_Work order_: Leave out every line before the one containing "this 1487×1271 image.", and repeat the rest of the material below exactly, that line included.

*** Opening Working data ***

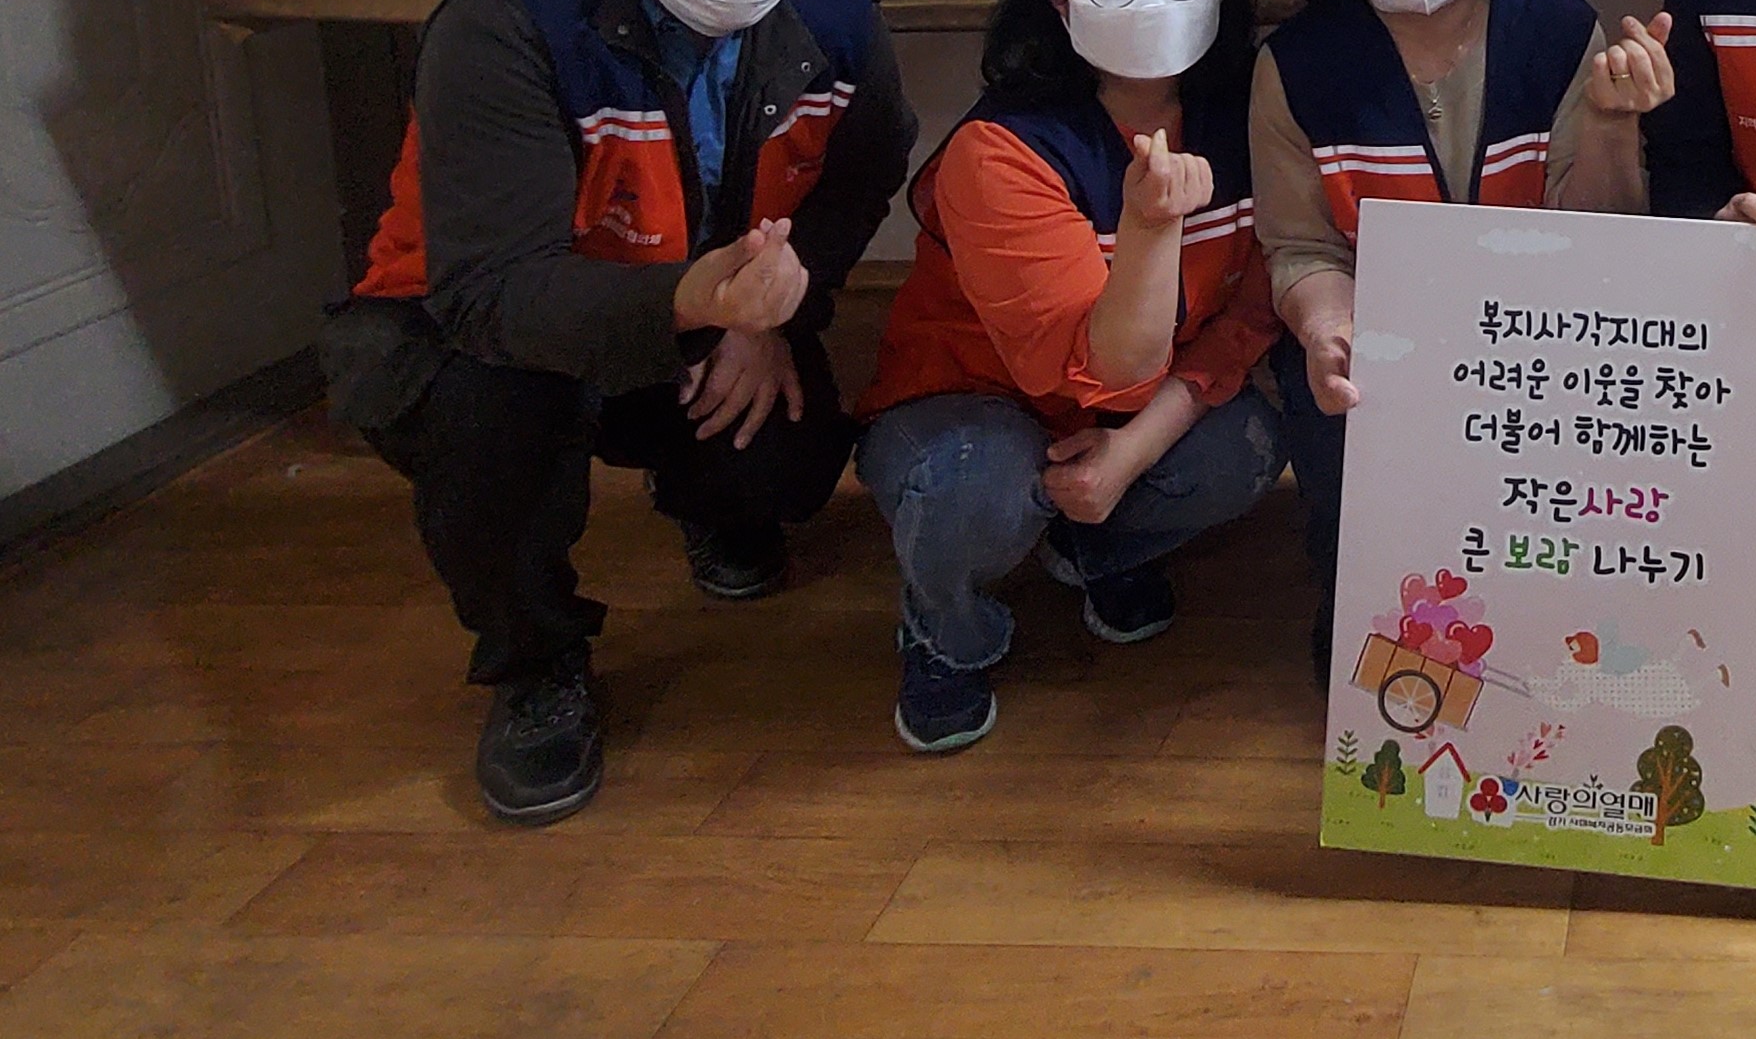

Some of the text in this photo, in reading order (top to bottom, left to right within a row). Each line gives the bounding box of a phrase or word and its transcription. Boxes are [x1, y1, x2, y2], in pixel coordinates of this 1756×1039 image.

[1479, 300, 1707, 350] 복지사각지대의
[1453, 358, 1731, 410] 어려운 이웃을 찾아
[1465, 408, 1712, 467] 더불어 함께하는
[1462, 527, 1704, 583] 큰 보람 나누기
[1515, 784, 1654, 818] 사랑의열매
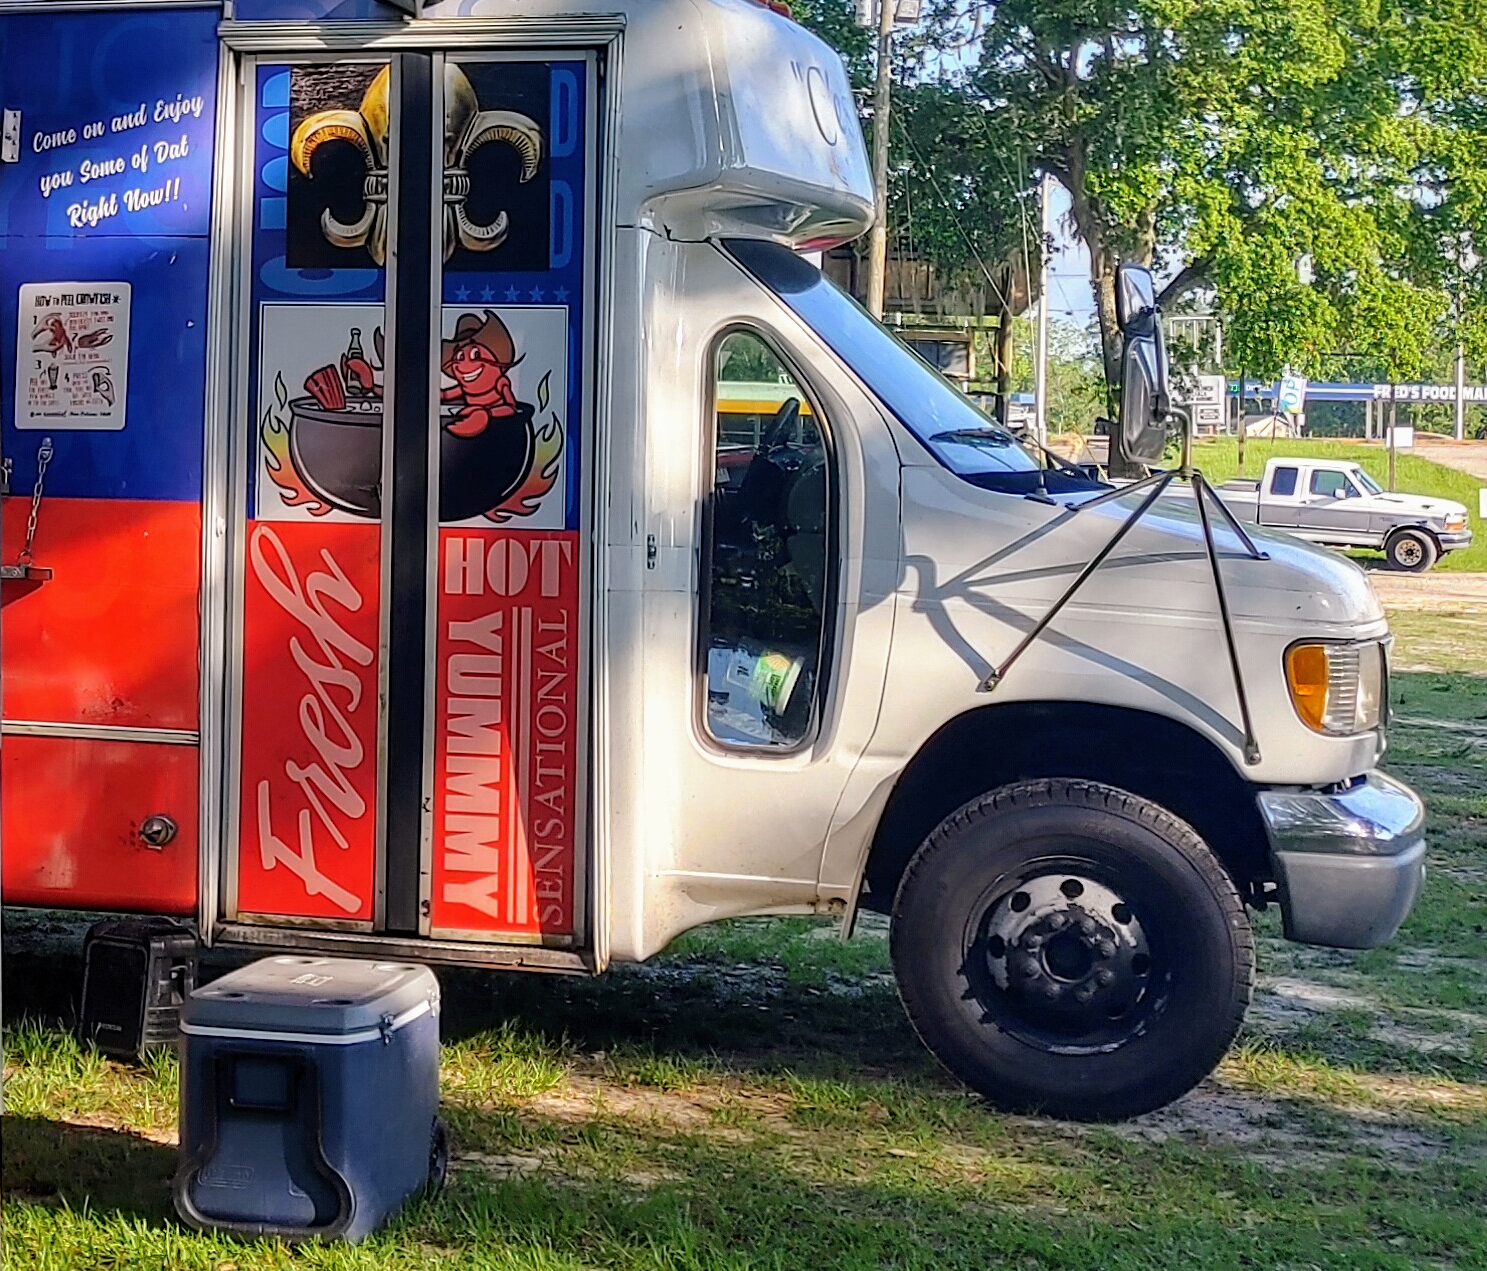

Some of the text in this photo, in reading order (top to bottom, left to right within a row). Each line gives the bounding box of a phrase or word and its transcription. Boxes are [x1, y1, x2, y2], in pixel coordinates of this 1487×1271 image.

[33, 93, 204, 153] Come on and Enjoy
[40, 134, 190, 198] you Some of Dat
[66, 177, 181, 229] Right Now!!
[34, 359, 42, 370] 3
[1374, 384, 1420, 400] FRED'S
[444, 537, 572, 597] HOT
[250, 525, 374, 913] Fresh
[443, 610, 503, 919] YUMMY
[533, 608, 569, 926] SENSATIONAL

*** Closing Working data ***

_Answer to this task_:
Some of the text in this photo, in reading order (top to bottom, left to right within a row). Each line gives the bounding box of a phrase or word and its transcription. Boxes are [x1, y1, x2, y2], in pixel coordinates of this 1487×1271 image.

[33, 93, 204, 153] Come on and Enjoy
[40, 134, 190, 198] you Some of Dat
[66, 177, 181, 229] Right Now!!
[34, 359, 42, 370] 3
[1374, 384, 1420, 400] FRED'S
[444, 537, 572, 597] HOT
[250, 525, 374, 913] Fresh
[443, 610, 503, 919] YUMMY
[533, 608, 569, 926] SENSATIONAL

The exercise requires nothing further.